Return, word for word, the lines running from the one that contains "Some of the words" to the final line of the listing below.
····················
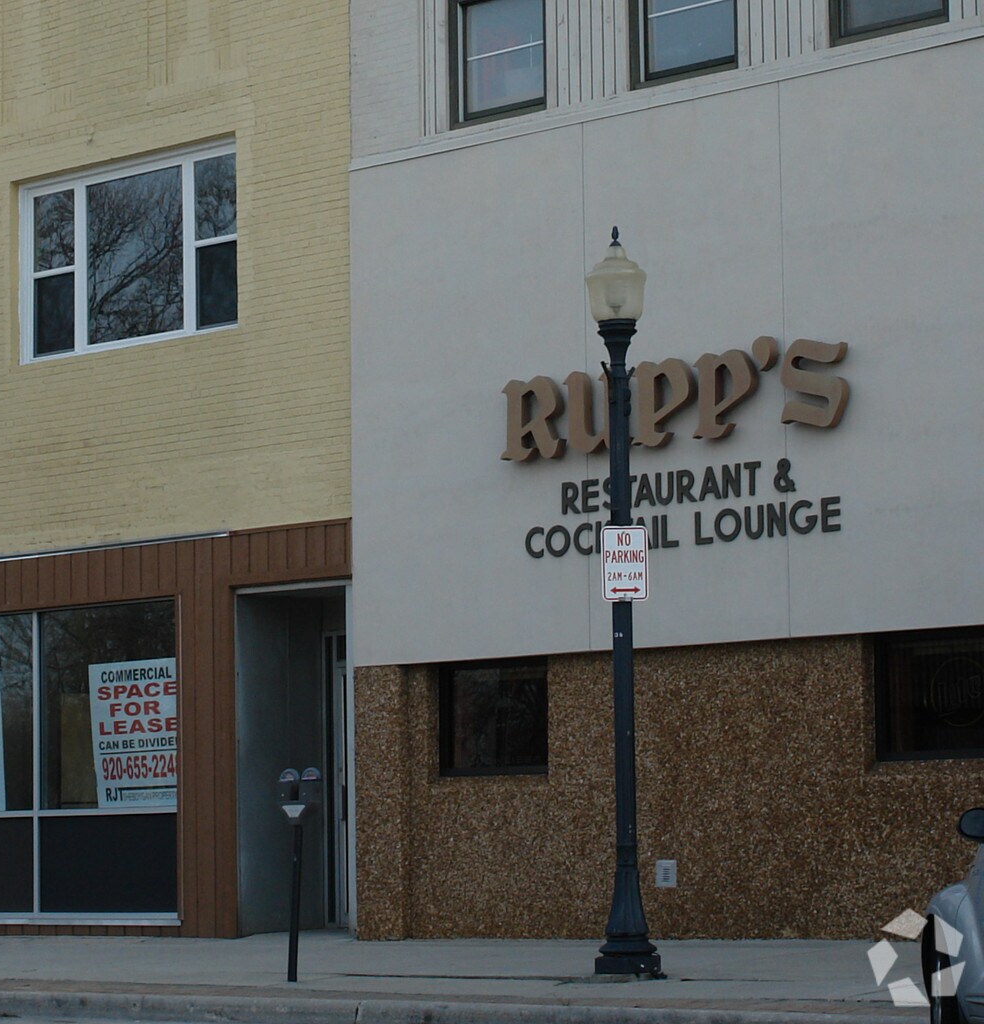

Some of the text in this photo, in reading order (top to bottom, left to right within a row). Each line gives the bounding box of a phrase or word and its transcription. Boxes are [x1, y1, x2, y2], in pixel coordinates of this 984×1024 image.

[773, 457, 797, 493] &
[525, 496, 841, 559] COCIL LOUNGE
[617, 532, 631, 547] NO
[605, 549, 644, 564] PARKING
[101, 666, 172, 684] COMMERCIAL
[97, 681, 177, 701] SPACE
[109, 701, 161, 717] FOR
[99, 717, 177, 736] LEASE
[99, 736, 177, 751] CAN BE DIVIDE
[102, 753, 177, 781] 920-655-224
[105, 787, 124, 803] RJT
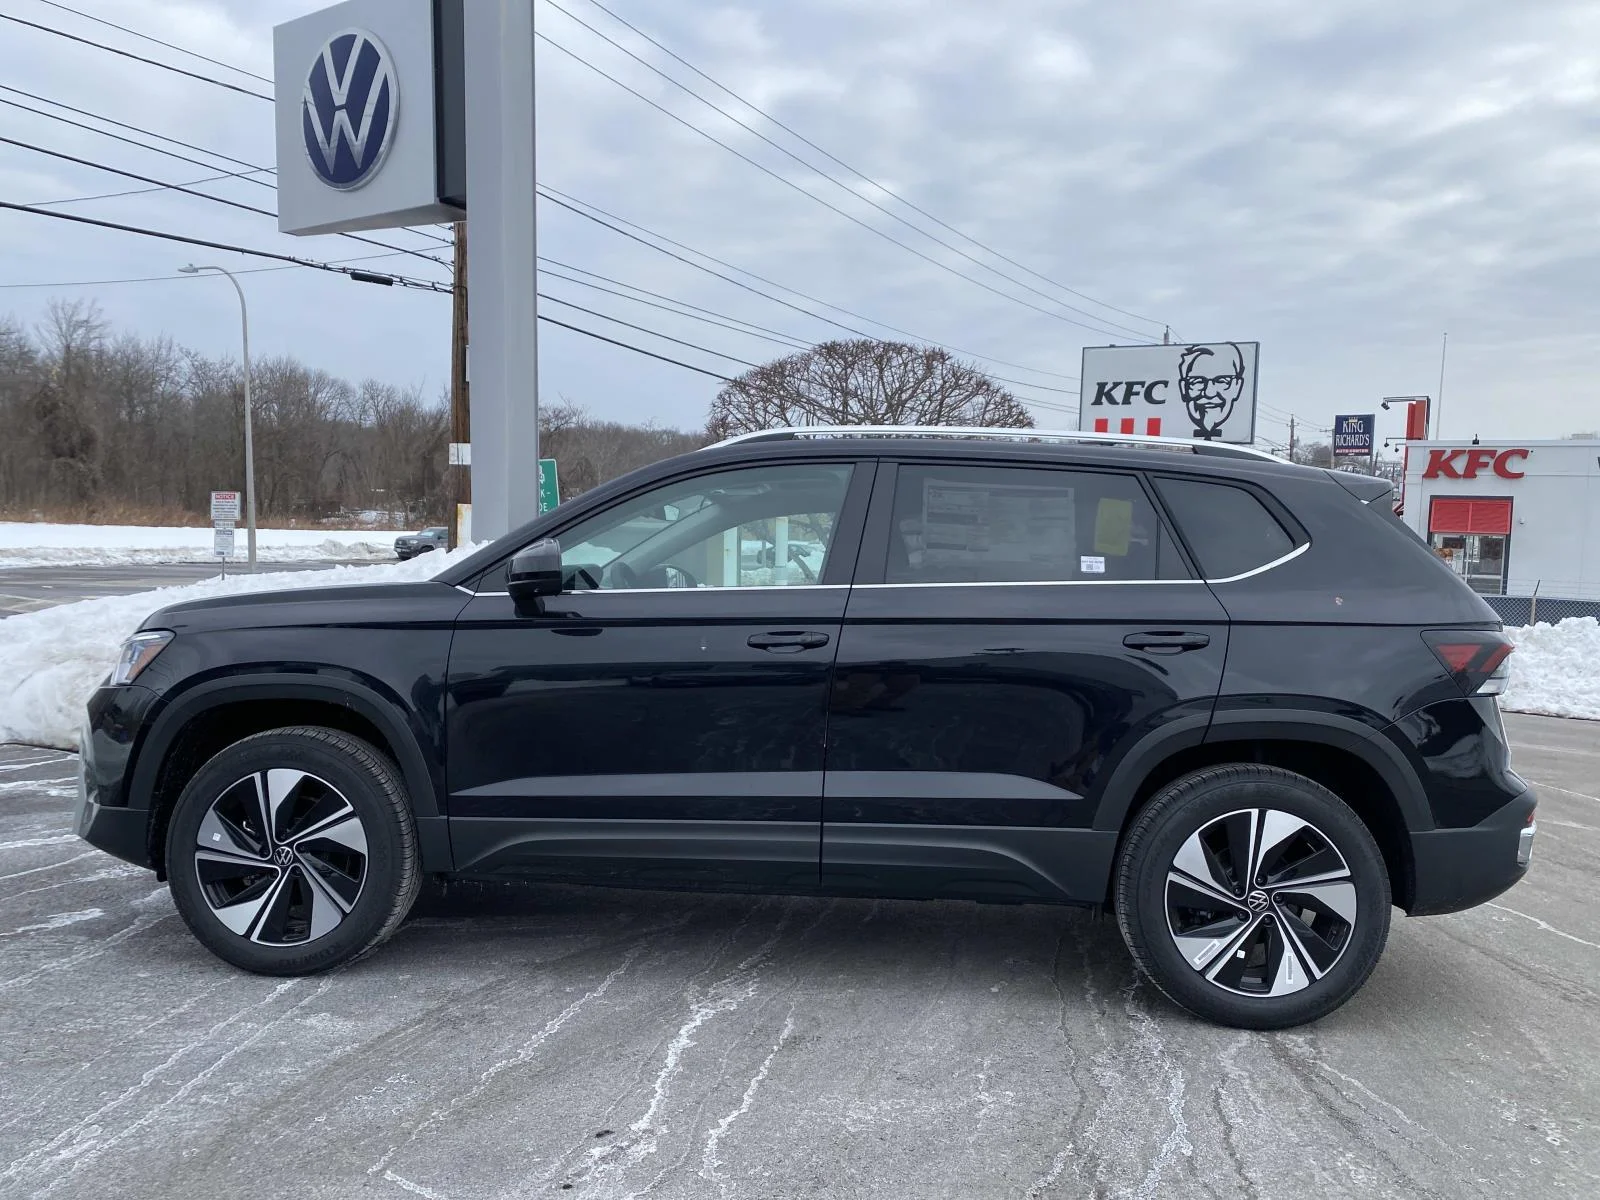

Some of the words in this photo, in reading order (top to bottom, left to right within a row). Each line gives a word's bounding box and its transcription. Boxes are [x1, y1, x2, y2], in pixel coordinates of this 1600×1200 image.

[303, 30, 395, 185] VW
[1091, 380, 1169, 405] KFC
[1342, 420, 1364, 433] KING
[1335, 434, 1370, 446] RICHARD'S
[1422, 449, 1529, 479] KFC
····················
* **Output for this exercise**:
Some of the words in this photo, in reading order (top to bottom, left to right within a row). Each line gives a word's bounding box and its transcription. Boxes are [x1, y1, x2, y2], in pixel coordinates of this 1600×1200 image.

[303, 30, 395, 185] VW
[1091, 380, 1169, 405] KFC
[1342, 420, 1364, 433] KING
[1335, 434, 1370, 446] RICHARD'S
[1422, 449, 1529, 479] KFC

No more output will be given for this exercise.